A 2019 Gallup poll conducted in the United States found that 84% of respondents believe it is “very” or “extremely” important that parents vaccinate their children. This matches a previous Gallup poll from 2015, but was down from 94% in 2001. 

Since vaccines were first introduced, questions regarding their benefit and safety have persisted, according to the book “Vaccines: What Everyone Needs to Know.” As widespread vaccination has caused a decrease in vaccine-preventable diseases, public concern over the threat of the diseases has also decreased, the author wrote. 

Additionally, WHO reported that one in five children still go unvaccinated in “many parts of the world.” In 2024, 14.3 million infants did not receive an initial dose of diphtheria, tetanus, and pertussis (whooping cough) vaccine, which, according to WHO, points to a lack of access to immunization and other health services. An additional 5.6 million are partially vaccinated. Of the total, 55% of the children live in 10 countries, including Ethiopia, Indonesia, and Sudan, according to WHO.

The United States Food and Drug Administration (FDA) approved the measles-mumps-rubella (MMR) vaccine in 1971, combining three vaccines that had been previously approved, according to Johns Hopkins Bloomberg School of Public Health.

British gastroenterologist Andrew Wakefield and colleagues published an article in The Lancet medical journal in 1998, presenting a series of 12 children who they reported developed gastrointestinal symptoms and autistic behaviors, with 8 patient’s parents reporting that symptoms developed after they received the MMR vaccine, according to “Vaccines: What Everyone Needs to Know.” At the time, the vaccine contained thimerosal, which has been used as a preservative in vaccines, as reported by the FDA. The use of thimerosal has “markedly declined” due to reformulation and development of vaccines in “single-use presentations.”

It was hypothesized in the article that the MMR vaccine may have prompted the production of antibodies that led to the behavioral changes after they attacked the nervous system, the book continued. Following the study, others hypothesized autism could be caused by thimerosal.

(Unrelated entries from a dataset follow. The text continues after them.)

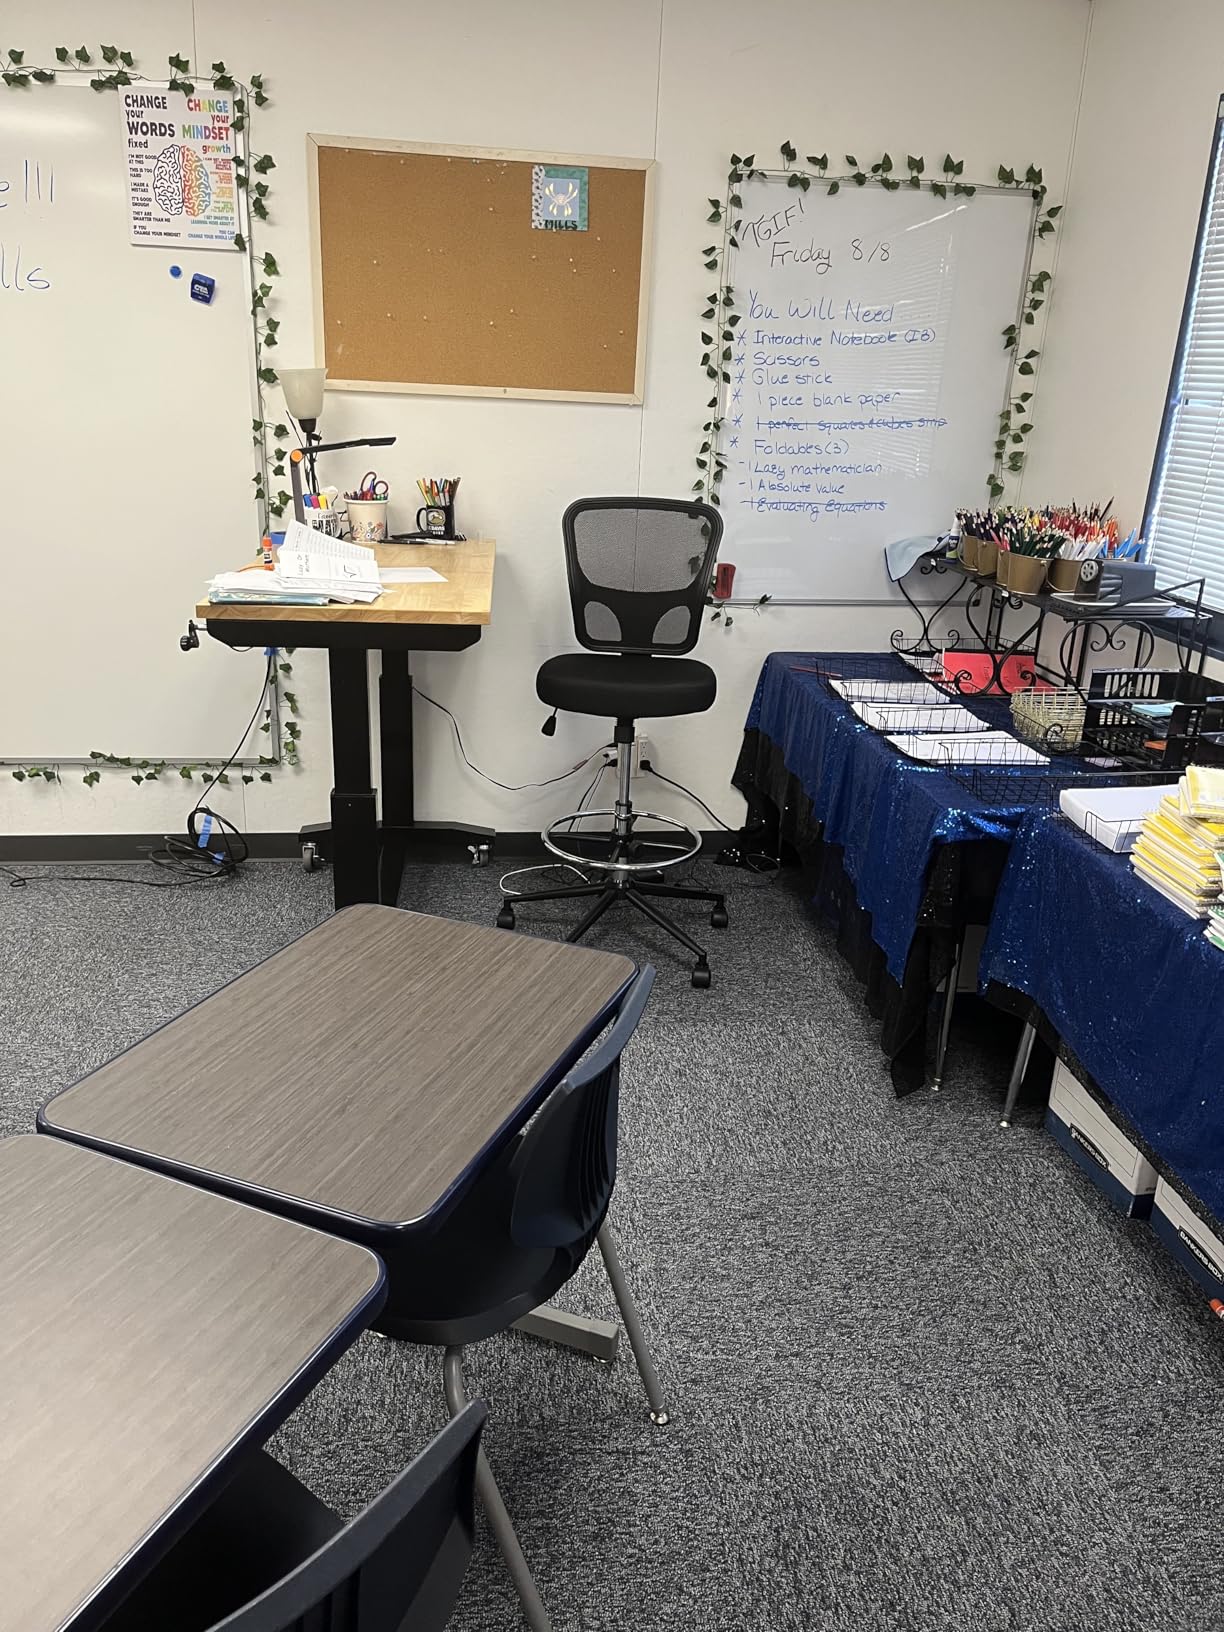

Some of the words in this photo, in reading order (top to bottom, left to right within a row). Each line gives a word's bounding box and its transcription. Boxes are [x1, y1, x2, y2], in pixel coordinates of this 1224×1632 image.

[124, 95, 167, 109] CHANGE
[187, 98, 228, 113] CHANGE
[126, 109, 144, 120] your
[211, 114, 229, 125] your
[127, 121, 175, 137] WORDS
[183, 125, 230, 141] MINDSET
[128, 138, 148, 149] fixed
[202, 144, 231, 154] growth
[544, 219, 578, 230] MILLS
[742, 198, 805, 247] TGIF!
[771, 238, 832, 275] Friday
[851, 238, 891, 264] 8/8
[749, 289, 779, 320] You
[788, 297, 834, 321] Will
[845, 299, 895, 323] Need
[753, 330, 822, 347] Interactive
[830, 329, 897, 346] Notebook
[753, 351, 820, 367] Scissors
[751, 368, 790, 386] Glue
[795, 370, 833, 385] stick
[768, 395, 804, 413] piece
[812, 391, 853, 408] blank
[858, 391, 902, 412] paper
[754, 463, 786, 480] Lazy
[791, 462, 883, 476] mathematician
[758, 479, 811, 494] Absolute
[757, 498, 820, 521] Evaluating
[824, 499, 888, 518] Equations
[1179, 1230, 1209, 1265] BANKERS
[1207, 1261, 1223, 1281] BOX

The study’s authors acknowledged that it did not prove an association between the vaccine and autism, but the lead author “went far beyond the paper’s conclusions in a press release and ongoing interactions with the media,” read a report by Johns Hopkins Bloomberg School of Public Health - Institute for Vaccine Safety. Wakefield’s license to practice medicine in the UK was revoked in 2010 and his study was retracted by The Lancet, the report continued.

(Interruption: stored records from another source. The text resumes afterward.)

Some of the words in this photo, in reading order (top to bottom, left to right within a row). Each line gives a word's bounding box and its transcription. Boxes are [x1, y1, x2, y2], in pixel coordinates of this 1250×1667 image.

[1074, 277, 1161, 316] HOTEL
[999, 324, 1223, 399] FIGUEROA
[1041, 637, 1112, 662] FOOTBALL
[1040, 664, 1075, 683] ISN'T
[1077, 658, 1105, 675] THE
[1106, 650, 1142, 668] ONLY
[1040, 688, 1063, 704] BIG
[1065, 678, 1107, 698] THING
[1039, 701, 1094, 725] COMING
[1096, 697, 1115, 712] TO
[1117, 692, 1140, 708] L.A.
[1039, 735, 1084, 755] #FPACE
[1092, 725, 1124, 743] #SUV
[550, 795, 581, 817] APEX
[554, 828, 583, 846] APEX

The National Academy of Medicine (previously the Institute of Medicine) concluded “the body of evidence favors rejection of a causal relationship between autism and MMR vaccine and thimerosal-containing vaccines,” according to Johns Hopkins.

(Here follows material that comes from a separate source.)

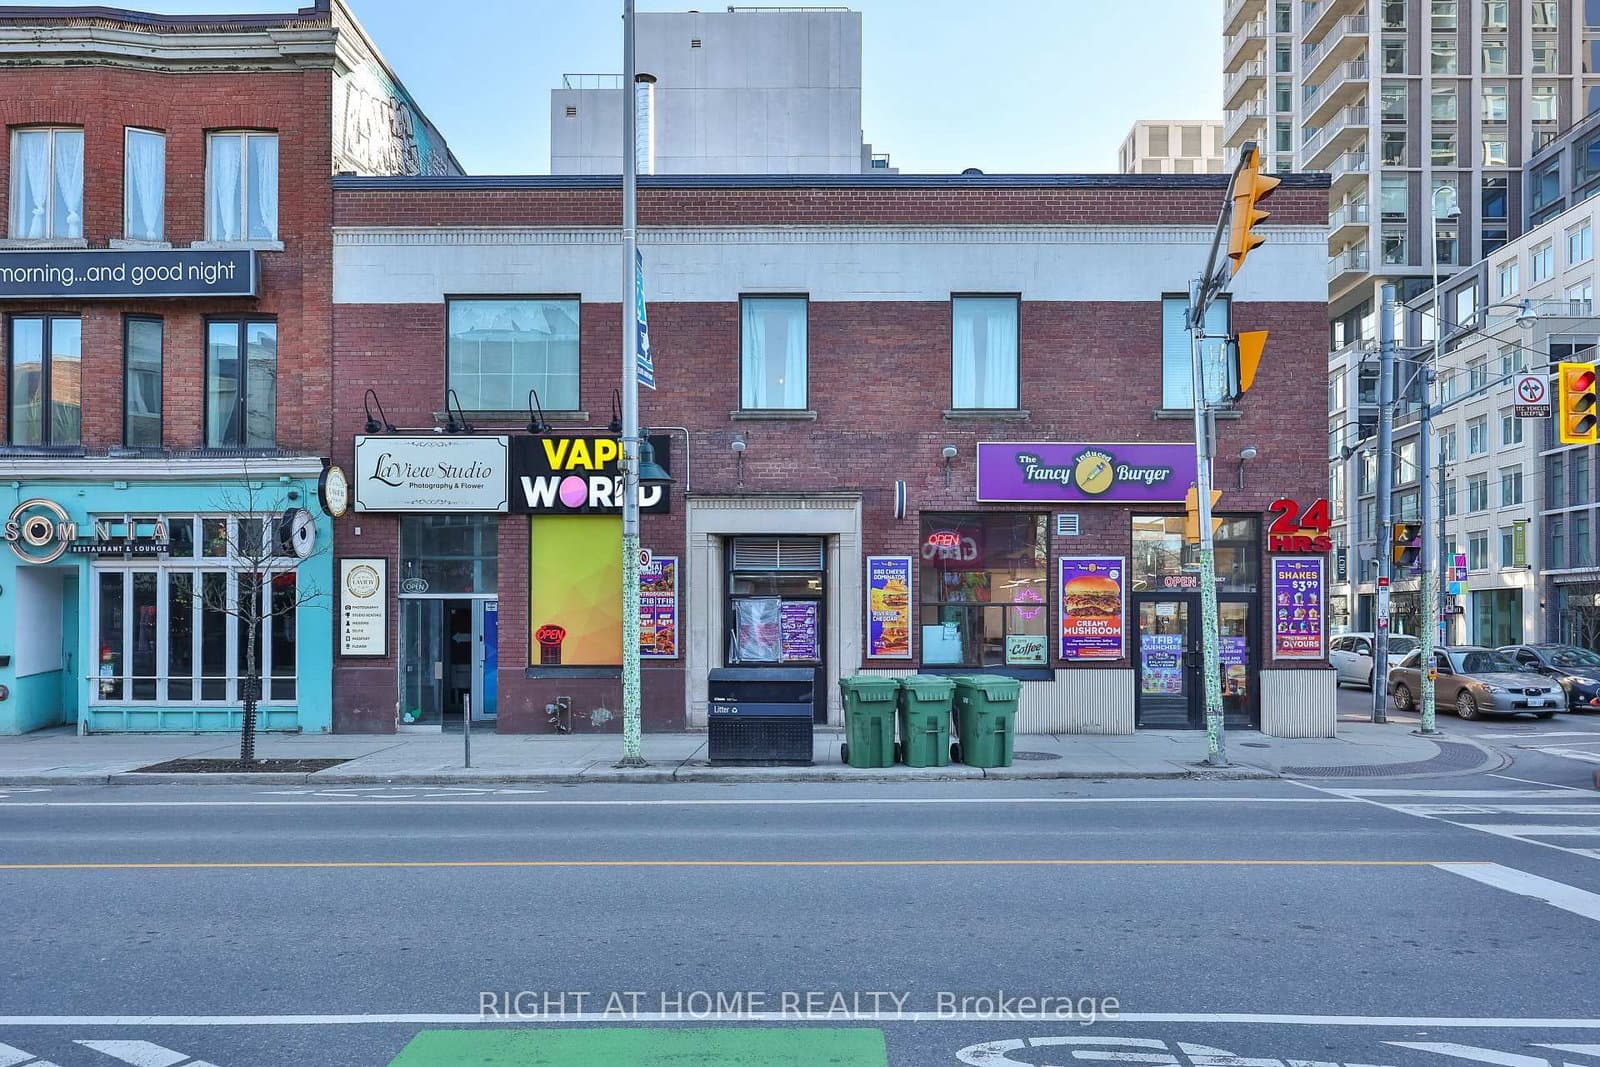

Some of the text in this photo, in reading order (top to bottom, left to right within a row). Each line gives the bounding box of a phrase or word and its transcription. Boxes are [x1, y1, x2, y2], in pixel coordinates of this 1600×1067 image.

The Centers for Disease Control and Prevention (CDC) reported that “any vaccine can cause side effects,” but they are mostly minor, including a sore arm or low-grade fever, and go away within a few days. The CDC maintains a list of licensed vaccines in the United States, as well as side effects associated with each. The information is compiled from the CDC’s Vaccine Information Statements, which are derived from the Advisory Committee on Immunization Practices’ recommendations. CDC reported that “vaccines are continually monitored for safety.”